A sheet of 3/4" MDF is almost 100#, compared to plywood at somewhere around 60#. It has some uses, but also some distractions (once you saw a sheet apart you'll see a big one). I prefer plywood for cabinets, though like I said: MDF does have some uses. I used fit for my assembly table, it's a torsion box with a 1/2" plywood web and 3/4" MDF skins. Worker out well. But my table sits on a plywood stand, I don't want MDF anywhere near the concrete floor (moisture).


----------



## SawdustTX (Jan 14, 2012)

MDF is more stable from a temp/humidity perspective and very flat. But as others have said ply is lighter and stronger. I don't use MDF unless forced too, even with the quality of plywood declining.


----------



## conifur (Apr 1, 2015)

I would use the MDF for a nice flat top, as long as it is supported well and a coat or 2 of poly rolled on.


----------



## HokieKen (Apr 14, 2015)

MDF makes great tops provided they're well supported and properly sealed. For cabinets, I'd go with ply. It's very stable and will eliminate your expansion/contraction concerns and is superior to MDF for structural support and for shelves where it's not fully supported.


----------



## bondogaposis (Dec 18, 2011)

Wood primarily moves w/ changes in humidity, temperature has little effect except how it influences humidity. Cabinets are generally made from plywood because of its excellent screw holding ability and moisture resistance and it is much lighter in weight than MDF. MDF can be used to good effect on horizontal surfaces like assembly tables, if you can protect it from moisture. I'm building an assembly table now w/ a plywood base and a MDF top. You can build cabinets from MDF and I have done it but plywood is easier to work with.


----------



## gwilki (May 14, 2014)

Someone may as well buck the tread.  I'm in Ottawa, so I get the "canadian" hot and cold part of your equation. I built shelf units for my garage, each about 30" wide, 7' high and 12" deep, all out of MDF. Other than a center shelf, all the other shelves in the units are pull outs, using full extension slides.
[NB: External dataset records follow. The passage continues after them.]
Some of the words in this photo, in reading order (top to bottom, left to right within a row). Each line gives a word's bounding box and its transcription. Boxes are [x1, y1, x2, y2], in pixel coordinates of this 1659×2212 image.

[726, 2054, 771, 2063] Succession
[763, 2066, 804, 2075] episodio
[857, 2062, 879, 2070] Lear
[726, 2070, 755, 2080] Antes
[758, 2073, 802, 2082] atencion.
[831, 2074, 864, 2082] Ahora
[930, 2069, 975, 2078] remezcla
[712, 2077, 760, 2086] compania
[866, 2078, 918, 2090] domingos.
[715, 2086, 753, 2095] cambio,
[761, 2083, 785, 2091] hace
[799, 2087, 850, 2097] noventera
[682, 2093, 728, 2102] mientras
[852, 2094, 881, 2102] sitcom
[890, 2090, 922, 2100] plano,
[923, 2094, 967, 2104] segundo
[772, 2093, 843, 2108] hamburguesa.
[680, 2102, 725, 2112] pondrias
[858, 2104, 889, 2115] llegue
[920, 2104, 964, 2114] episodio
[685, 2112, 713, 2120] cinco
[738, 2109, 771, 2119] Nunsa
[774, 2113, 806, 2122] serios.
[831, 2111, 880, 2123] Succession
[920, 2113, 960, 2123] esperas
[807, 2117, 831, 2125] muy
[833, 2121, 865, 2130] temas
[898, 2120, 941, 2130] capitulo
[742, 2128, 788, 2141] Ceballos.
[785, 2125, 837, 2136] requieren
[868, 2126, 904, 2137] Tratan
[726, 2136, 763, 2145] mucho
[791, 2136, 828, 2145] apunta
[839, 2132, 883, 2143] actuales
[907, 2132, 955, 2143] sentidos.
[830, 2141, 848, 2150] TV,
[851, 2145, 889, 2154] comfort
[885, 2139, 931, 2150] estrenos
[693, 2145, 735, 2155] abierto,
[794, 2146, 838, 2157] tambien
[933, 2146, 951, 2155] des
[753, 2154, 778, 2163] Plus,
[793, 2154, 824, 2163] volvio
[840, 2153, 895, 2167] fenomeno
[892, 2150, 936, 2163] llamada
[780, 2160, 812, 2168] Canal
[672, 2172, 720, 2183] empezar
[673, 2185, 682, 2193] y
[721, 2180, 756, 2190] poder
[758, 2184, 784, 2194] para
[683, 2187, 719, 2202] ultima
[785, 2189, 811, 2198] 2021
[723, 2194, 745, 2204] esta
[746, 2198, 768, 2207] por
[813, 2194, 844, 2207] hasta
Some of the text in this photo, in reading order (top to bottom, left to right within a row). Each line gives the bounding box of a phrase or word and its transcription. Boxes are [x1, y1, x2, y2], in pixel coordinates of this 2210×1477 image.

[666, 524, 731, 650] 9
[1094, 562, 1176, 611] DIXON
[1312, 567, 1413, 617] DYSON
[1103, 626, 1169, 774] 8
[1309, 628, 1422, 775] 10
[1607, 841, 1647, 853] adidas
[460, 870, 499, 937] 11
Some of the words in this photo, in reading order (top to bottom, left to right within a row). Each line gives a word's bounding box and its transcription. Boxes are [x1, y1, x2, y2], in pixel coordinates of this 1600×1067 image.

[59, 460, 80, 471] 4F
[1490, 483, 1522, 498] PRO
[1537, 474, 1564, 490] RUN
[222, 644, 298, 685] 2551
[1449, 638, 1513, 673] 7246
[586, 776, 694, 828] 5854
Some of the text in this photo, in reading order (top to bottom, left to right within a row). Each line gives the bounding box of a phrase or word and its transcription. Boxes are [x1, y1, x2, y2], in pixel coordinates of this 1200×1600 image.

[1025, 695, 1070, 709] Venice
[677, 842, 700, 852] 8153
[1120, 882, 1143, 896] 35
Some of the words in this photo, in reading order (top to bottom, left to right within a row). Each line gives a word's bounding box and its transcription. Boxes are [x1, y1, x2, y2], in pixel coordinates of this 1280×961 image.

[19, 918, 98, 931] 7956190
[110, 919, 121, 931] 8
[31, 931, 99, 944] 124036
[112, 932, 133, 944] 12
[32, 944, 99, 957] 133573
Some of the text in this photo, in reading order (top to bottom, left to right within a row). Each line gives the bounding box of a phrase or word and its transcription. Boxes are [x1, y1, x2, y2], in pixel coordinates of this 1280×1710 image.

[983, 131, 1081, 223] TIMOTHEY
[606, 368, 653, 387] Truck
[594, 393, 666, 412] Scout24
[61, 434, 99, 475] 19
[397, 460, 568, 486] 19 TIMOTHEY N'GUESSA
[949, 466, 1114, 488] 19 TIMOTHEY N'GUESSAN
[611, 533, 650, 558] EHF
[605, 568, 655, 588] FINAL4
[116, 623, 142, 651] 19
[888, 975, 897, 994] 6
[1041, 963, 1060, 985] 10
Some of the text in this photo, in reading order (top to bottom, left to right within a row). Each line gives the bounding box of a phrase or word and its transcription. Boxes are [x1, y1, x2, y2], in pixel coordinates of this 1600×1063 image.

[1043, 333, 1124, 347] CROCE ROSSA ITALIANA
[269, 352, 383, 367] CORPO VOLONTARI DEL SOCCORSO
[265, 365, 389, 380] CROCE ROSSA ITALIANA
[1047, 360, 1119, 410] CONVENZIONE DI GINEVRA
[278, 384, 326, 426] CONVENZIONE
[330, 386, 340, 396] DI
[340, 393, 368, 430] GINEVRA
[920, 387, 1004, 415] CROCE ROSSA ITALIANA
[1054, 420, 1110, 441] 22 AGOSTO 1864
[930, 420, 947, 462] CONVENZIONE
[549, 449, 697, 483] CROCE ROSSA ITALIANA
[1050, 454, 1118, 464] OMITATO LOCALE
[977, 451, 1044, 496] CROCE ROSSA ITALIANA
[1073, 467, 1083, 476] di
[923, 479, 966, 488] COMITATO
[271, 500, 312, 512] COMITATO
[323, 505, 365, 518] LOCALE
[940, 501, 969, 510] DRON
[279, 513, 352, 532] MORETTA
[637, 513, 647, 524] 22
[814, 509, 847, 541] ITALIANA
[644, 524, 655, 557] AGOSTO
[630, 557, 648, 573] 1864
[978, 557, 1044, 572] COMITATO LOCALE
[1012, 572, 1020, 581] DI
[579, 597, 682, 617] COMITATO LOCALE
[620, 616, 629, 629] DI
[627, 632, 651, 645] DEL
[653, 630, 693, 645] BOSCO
I built all of these out of 3/4" MDF 13 years ago when I moved in. They are still all there.

Now, I don't hose down my garage floor to clean it, and the slush from the cars in winter doesn't touch the bottoms of the gables on these units. However, it does get damp in the garage in winter.

I'm not arguing with anyone who has posted otherwise. I can only relate my experience and that of my neighbours that I built units for.


----------



## DrTebi (Jun 16, 2009)

One reason why some people don't like MDF is simply because it is so heavy. Handling 3/4" 4×8 sheets is a pain. Another reason is, that they create a lot of dust, especially when you use a router on them. And that dust is more that just wood dust… so it's worse for your lungs.


----------



## cracknpop (Dec 20, 2011)

Have built a few cabinets as well as an expanding assembly table on casters out of MDF. Liked it because it was smooth surface and cut easily. Used biscuit joints to glue them together. Several years (5-7) down the road, no moisture related problems. However, I see glue joints starting to fail. I believe it is simply the fibers of the MDF pulling apart.

I also built a larger top to attach to my table saw with MDF, and incorporated a router plate as well. Used contact cement to attach a formica top/bottom. It didn't do well. The formica would release. I believe the contact cement would simply pull the surface fibers of the MDF loose.

It is for the above reasons all recent cabinets built as well as my new assembly table (currently in the SketchUp design phase) will be made of plywood with the exception of sacrificial top of MDF.


----------